Thanks AI4good.ca for putting the need of ONG in front of us.

What it does

Handle tiny handwritten images of text written by medical field worker (doctor) in Congo

  1. Preprocess these images in grayscale and deblur them using opencv-python
  2. A tensorflow model (see images below) map images to text
  3. Post-process the image (sanitize) so that impossible case are not pushed to the end user 3.1 For example, 2 consecutives commas or dots with a number are removed 3.2 non-leading dashes are removed

How we built it

Using tensorflow. Inspiration: https://github.com/watsonyanghx/CNN_LSTM_CTC_Tensorflow#how-to-run It's a CNN-LSTM-CTC implementation in Tensorflow.

Process description

  1. Have a CNN with a small stride scan the whole image from left-to-right
  2. Pass the channels from the CNN, to an LSTM that further encode the meaning of each consecutive windows
  3. Pass the LSTM state to the final layers which handles deduping repeated character predictions from consecutive windows... and does it in a differentiable way ;-)

Challenges we ran into

--> Implementation was not easy: important to choose our starting point with care

--> The images were very small, preventing from boxing each character in a way that we could recognize the content of the box

--> The image were really faint, with a little bit of contrast magic this challenge was overcome.

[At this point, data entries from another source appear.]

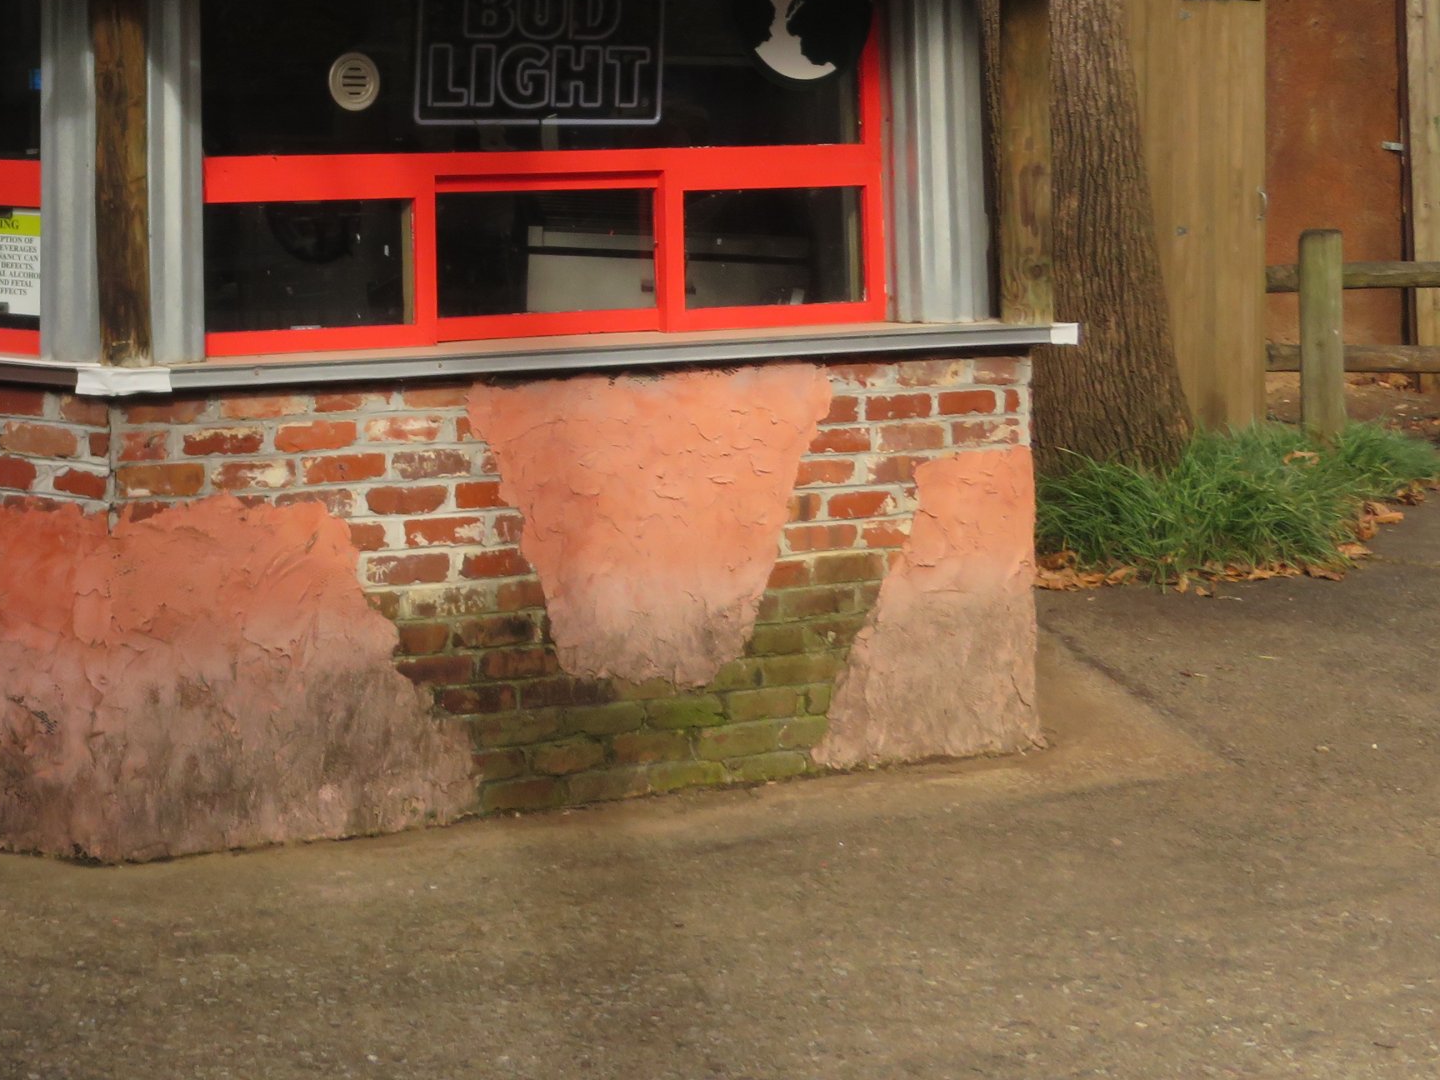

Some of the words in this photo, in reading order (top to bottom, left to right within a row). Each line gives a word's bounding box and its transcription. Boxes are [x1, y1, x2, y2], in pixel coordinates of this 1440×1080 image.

[427, 43, 651, 109] LIGHT
[23, 254, 39, 262] CAN
[11, 280, 33, 288] FETAL
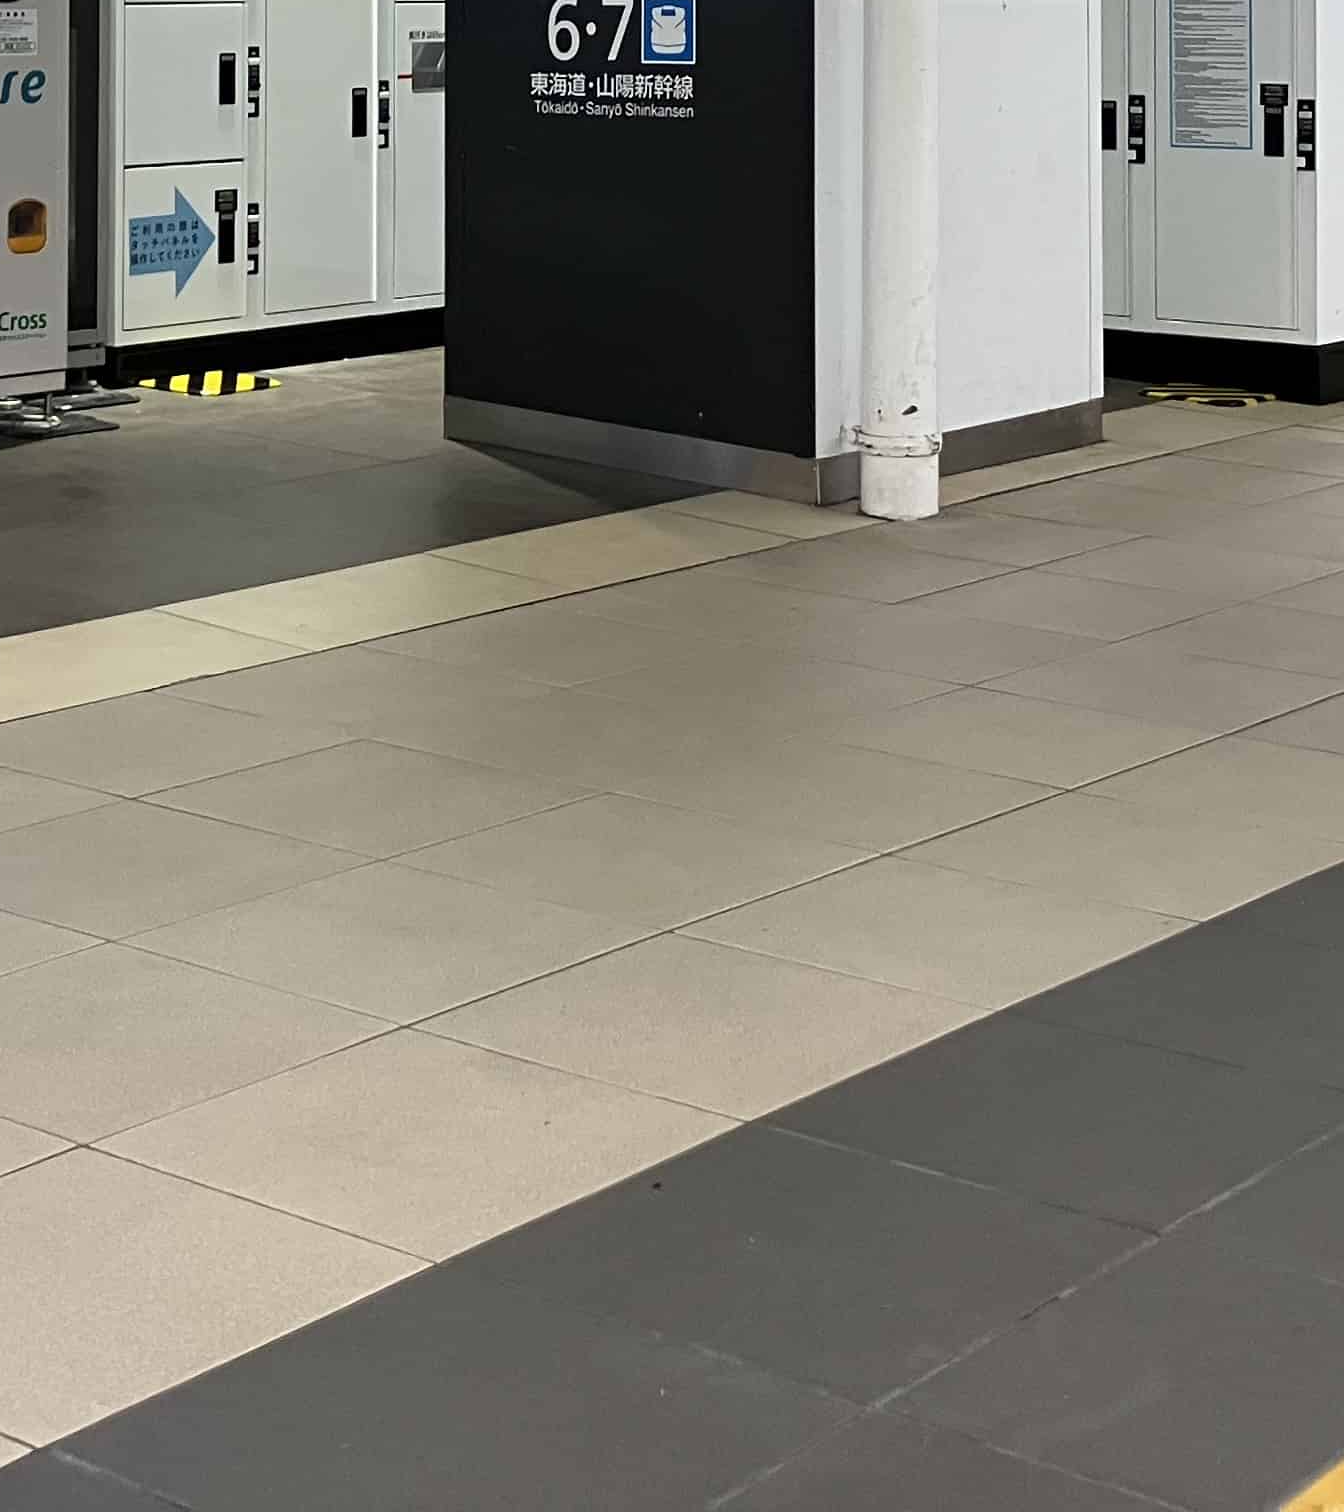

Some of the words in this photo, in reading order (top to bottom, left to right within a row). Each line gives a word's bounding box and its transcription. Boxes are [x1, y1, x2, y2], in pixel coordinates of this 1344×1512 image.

[529, 72, 695, 101] 東海道・山陽新幹線
[624, 102, 695, 119] Shinkansen
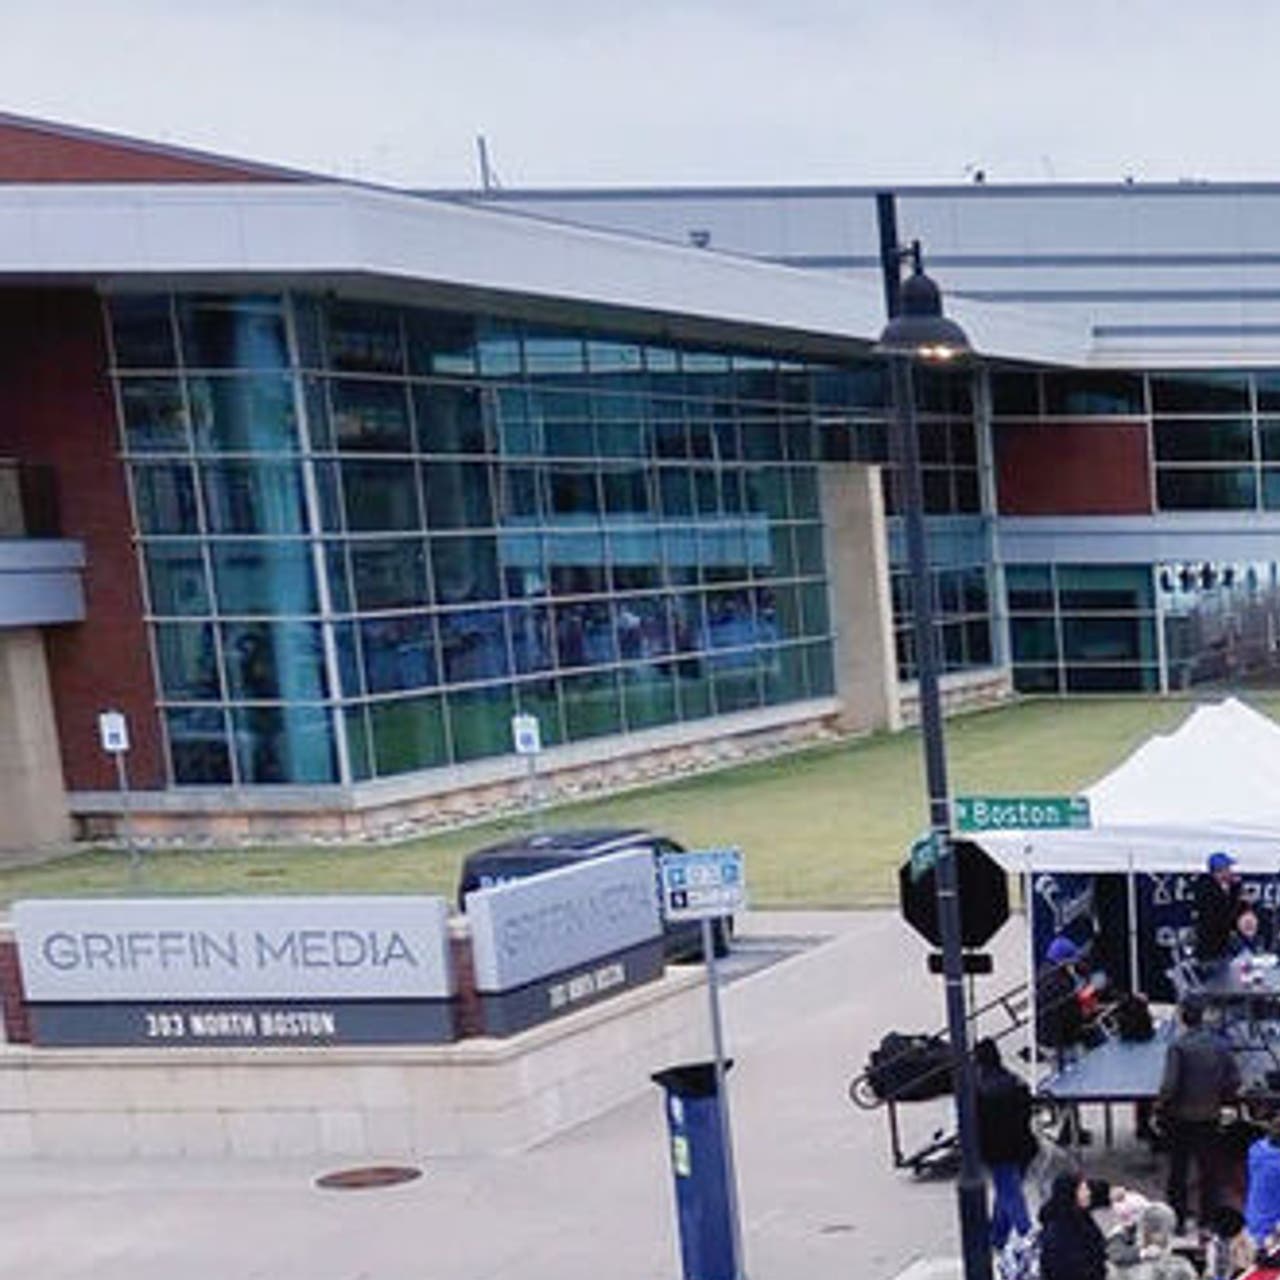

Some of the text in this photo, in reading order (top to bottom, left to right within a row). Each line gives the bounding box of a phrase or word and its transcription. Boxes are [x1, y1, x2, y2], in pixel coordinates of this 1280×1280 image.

[973, 801, 1060, 827] Boston
[43, 930, 419, 972] GRIFFIN MEDIA
[146, 1011, 335, 1037] 303 NORTH BOSTON
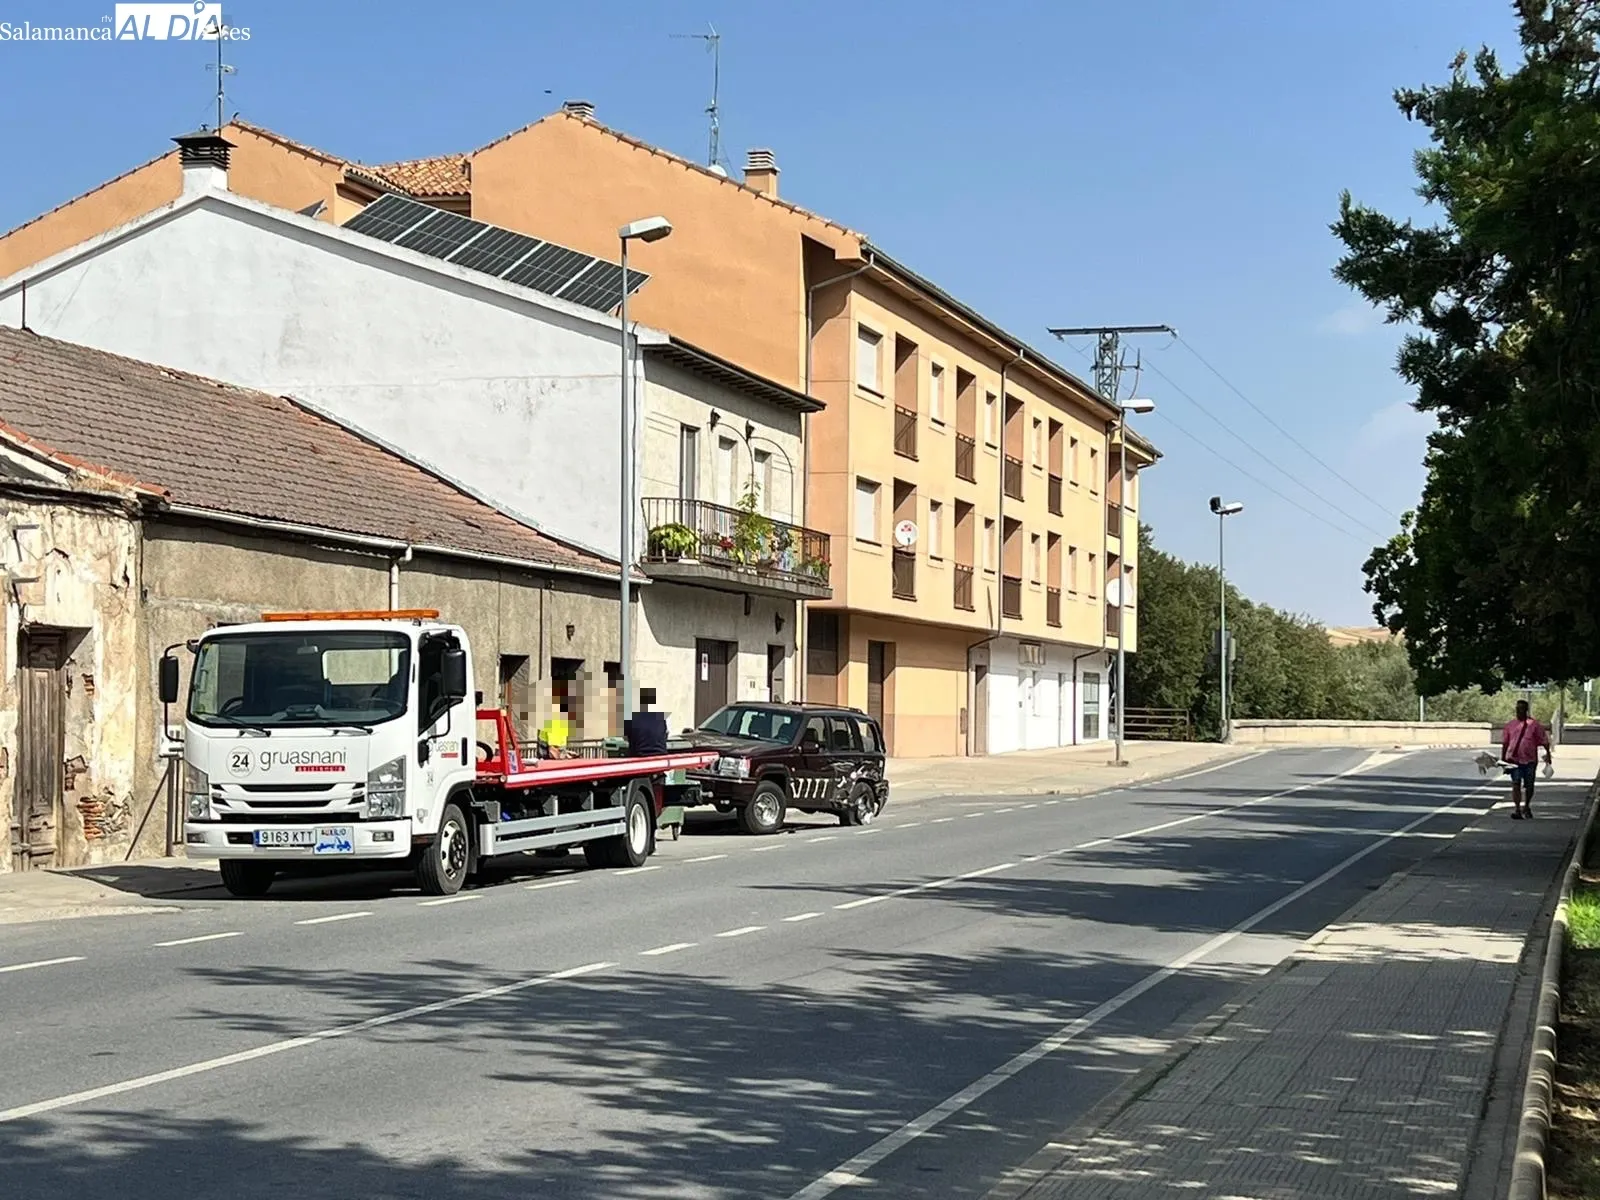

Accomplishments that we're proud of

  • Building on the recommendations of each other
  • Got to learn about CNN-LSTM-CTC and implement it
  • Our perseverance; it yielded a great leaderboard score of 84.67%

What we learned

  • Preprocessing of images, with opencv
  • Goodness-of-fit for OCR of the CNN-LSTM-CTC architecture
  • Got to know new teammates

  • Mask R-CNN expects larger images; so it's not a good solution for small images.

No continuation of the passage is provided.